BEGIN Material for this exercise

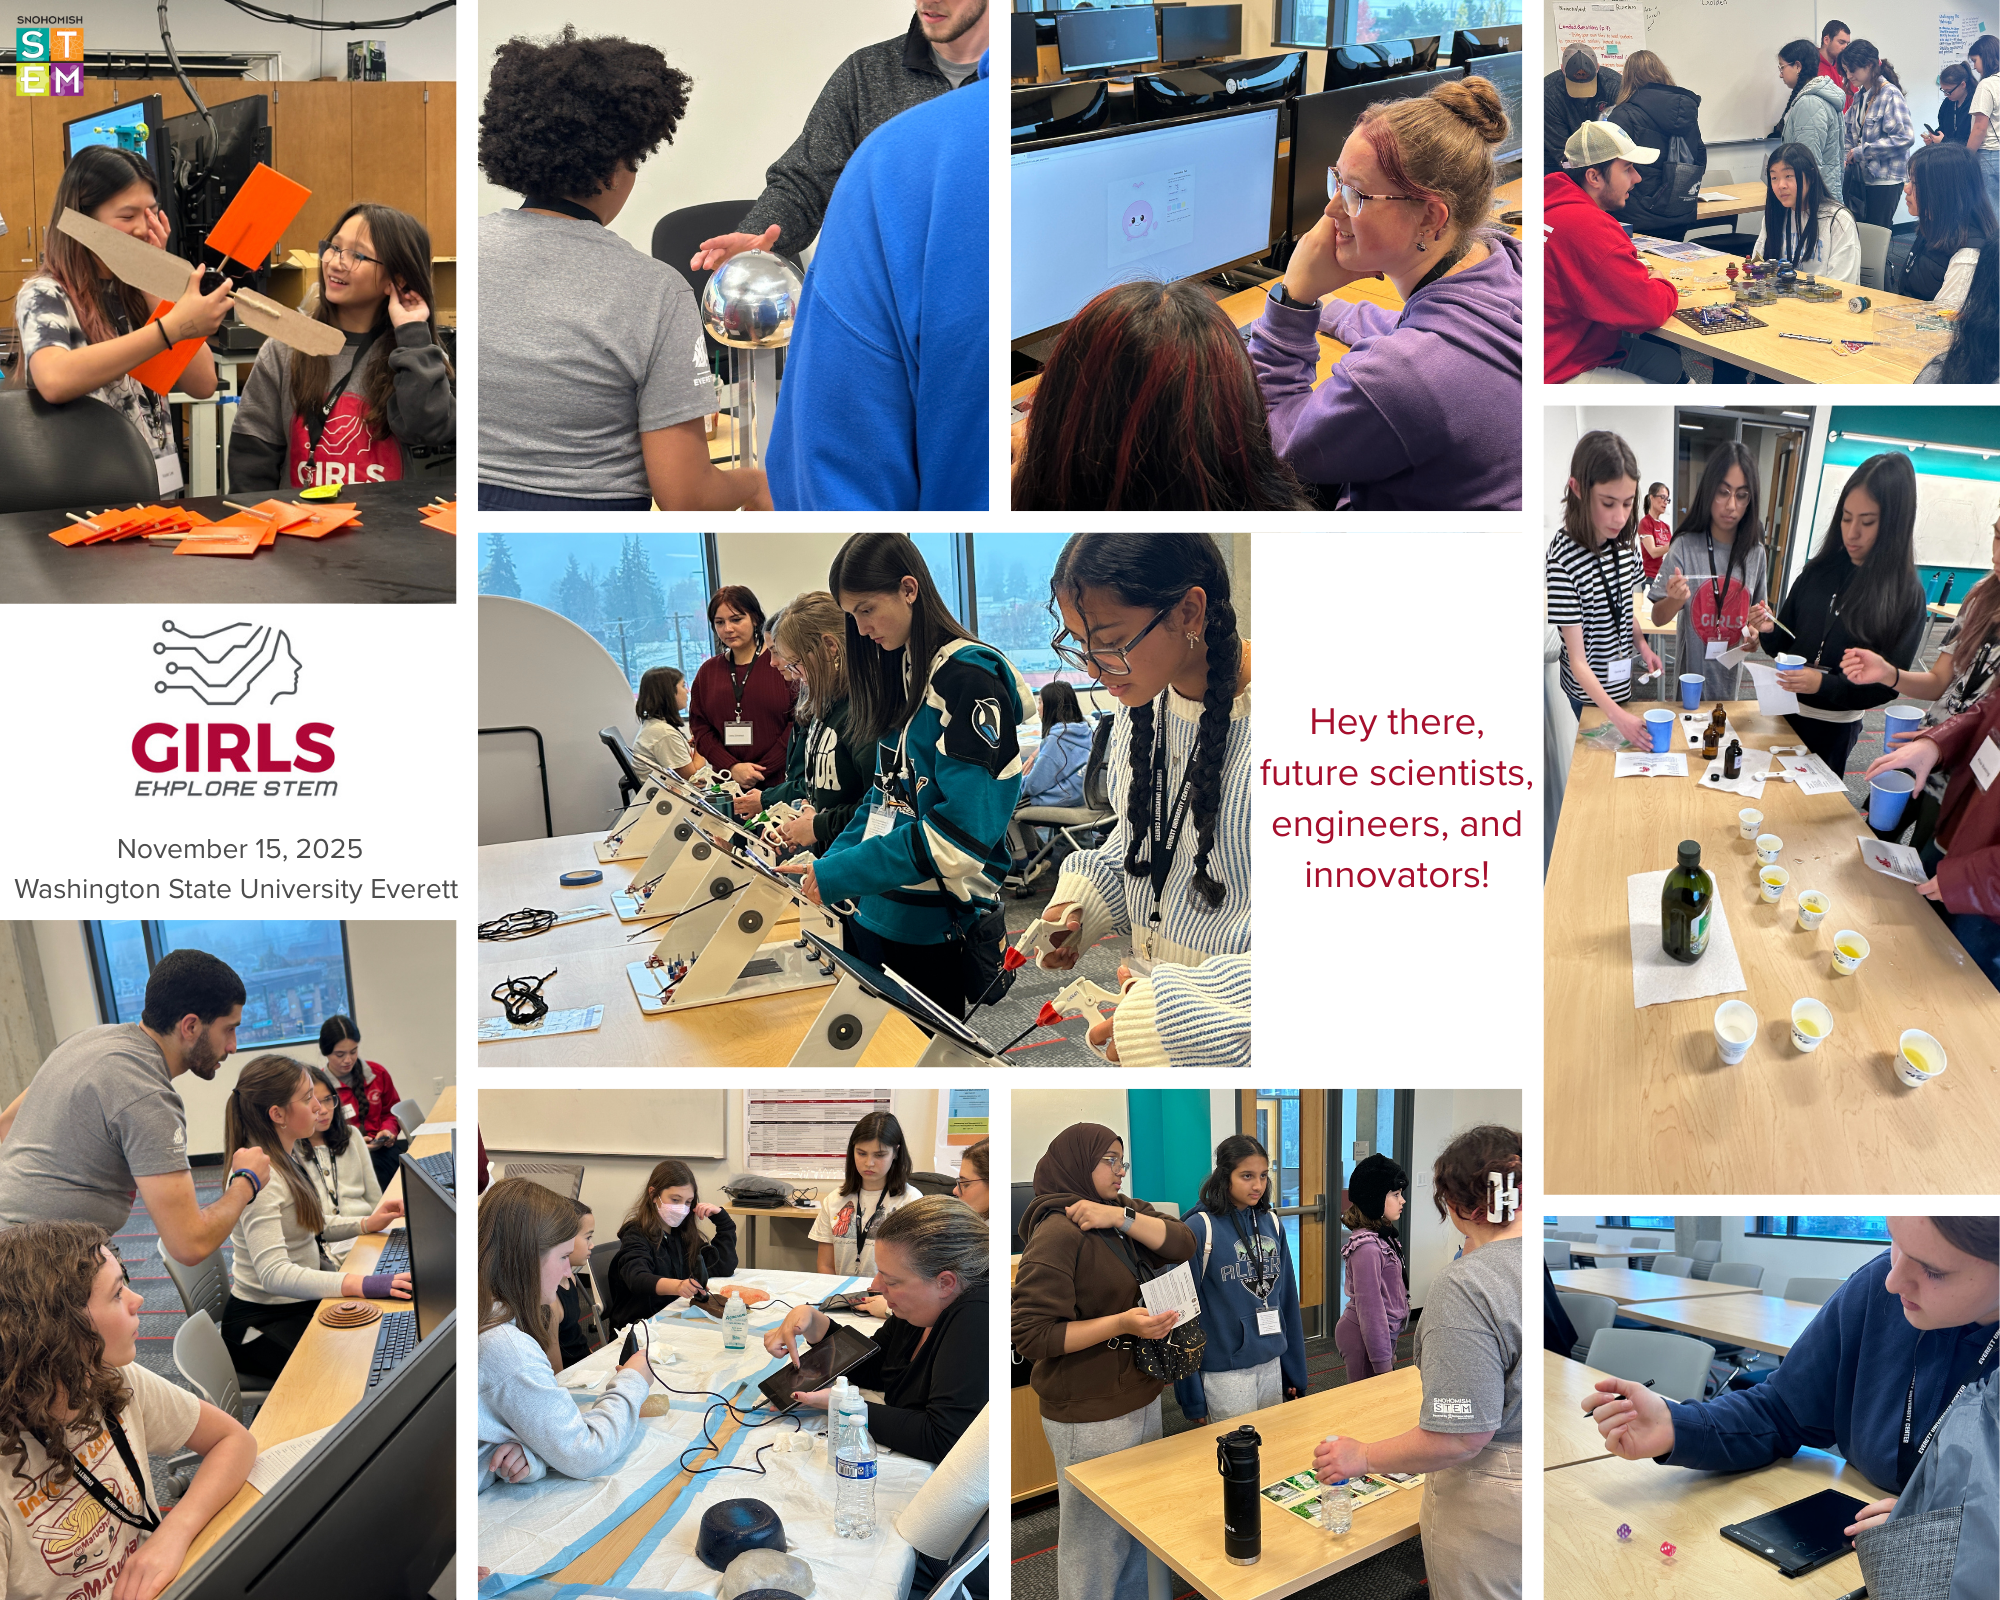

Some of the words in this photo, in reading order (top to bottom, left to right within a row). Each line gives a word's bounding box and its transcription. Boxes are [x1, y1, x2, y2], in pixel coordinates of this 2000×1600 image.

[1700, 613, 1744, 629] GIRLS
[1166, 828, 1176, 850] EVERETT
[1171, 802, 1184, 830] UNIVERSITY
[1181, 781, 1191, 803] CENTER
[1154, 821, 1162, 842] CENTER
[1978, 1338, 1996, 1365] EVERETT
[1434, 1403, 1471, 1413] STEM
[1902, 1422, 1911, 1444] CENTER
[1918, 1432, 1934, 1455] EVERETT

END Material for this exercise

Give back the records above word for word, minus any image they hold.

Some of the words in this photo, in reading order (top to bottom, left to right within a row). Each line gives a word's bounding box and its transcription. Boxes are [x1, y1, x2, y2], in pixel coordinates of this 2000×1600 image.

[1700, 613, 1744, 629] GIRLS
[1166, 828, 1176, 850] EVERETT
[1171, 802, 1184, 830] UNIVERSITY
[1181, 781, 1191, 803] CENTER
[1154, 821, 1162, 842] CENTER
[1978, 1338, 1996, 1365] EVERETT
[1434, 1403, 1471, 1413] STEM
[1902, 1422, 1911, 1444] CENTER
[1918, 1432, 1934, 1455] EVERETT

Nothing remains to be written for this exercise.